If the two sperms were genetically identical, then you would not see any chimerism. Let's now consider only one allele as a marker of paternal parentage. So, there will be two populations of cells for each allele. If both populations are of the same size then you would have 50% chimerism in a single individual (i.e. the allele frequency). The percentage of chimerism may be different between the twins.

Now, there may be several genomic regions at which the paternal-genomes differ. Since the paternal chromosomes would not be symmetrically partitioned between the blastomeres, the different genetic markers (alleles) are likely to have different extents of chimerism.

In this study they measured the frequencies of a few SNPs that were informative for deducing the parentage.

Analysis of SNPs from twin amniotic fluid and parental blood showed that 265,489 maternal and 179,205 paternal SNPs were informative for parent of origin.
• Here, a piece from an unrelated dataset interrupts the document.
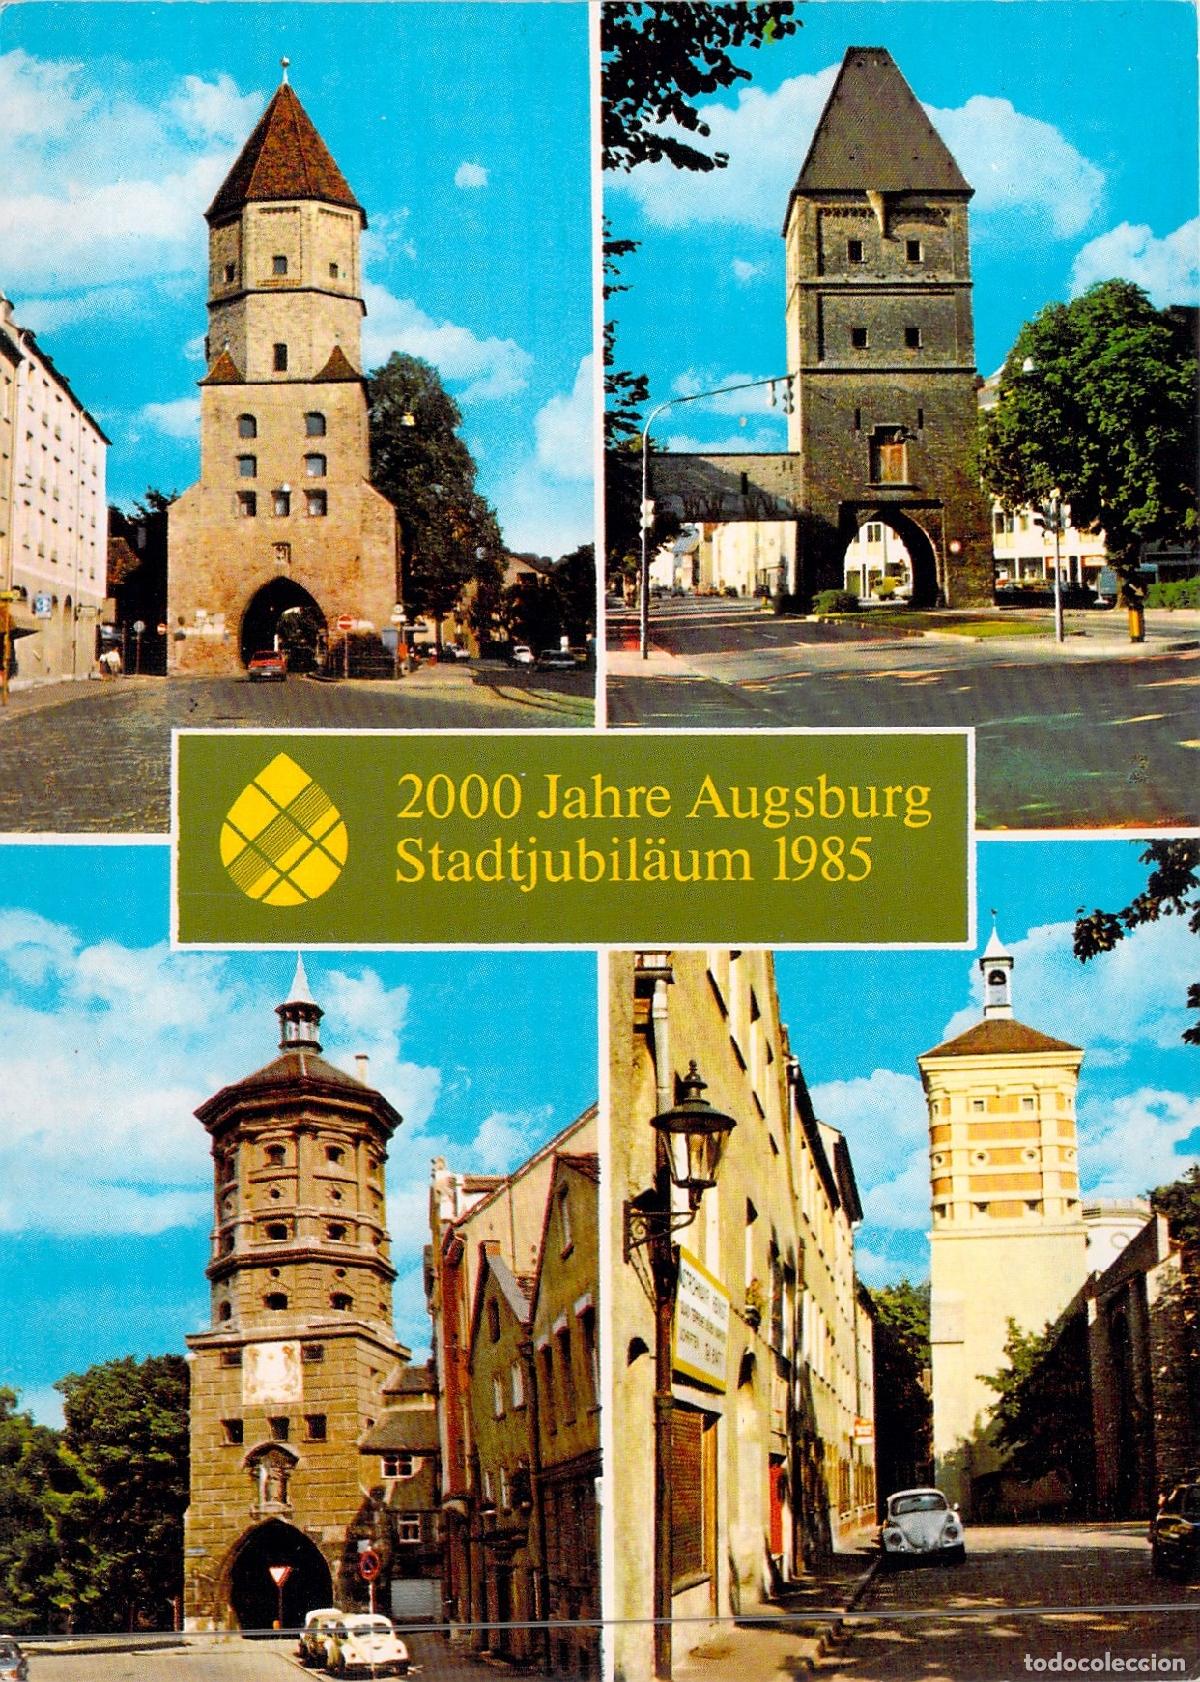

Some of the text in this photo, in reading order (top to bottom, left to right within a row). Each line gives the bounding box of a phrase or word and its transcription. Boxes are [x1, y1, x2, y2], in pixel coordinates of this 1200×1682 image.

They noted that ~78% of the paternal SNPs were found in both the twins.

Of these, the twins shared 265,400 maternal and 139,155 paternal SNPs, which makes them 100% maternally identical and 77.7% paternally identical.

Note that this is just a qualitative test for the presence or absence of the alleles. This does not say anything about the extent of chimerism of different alleles. (There are some figures in the supplementary data for the frequencies of different SNP but they are not in a tabular form and hence difficult to deduce).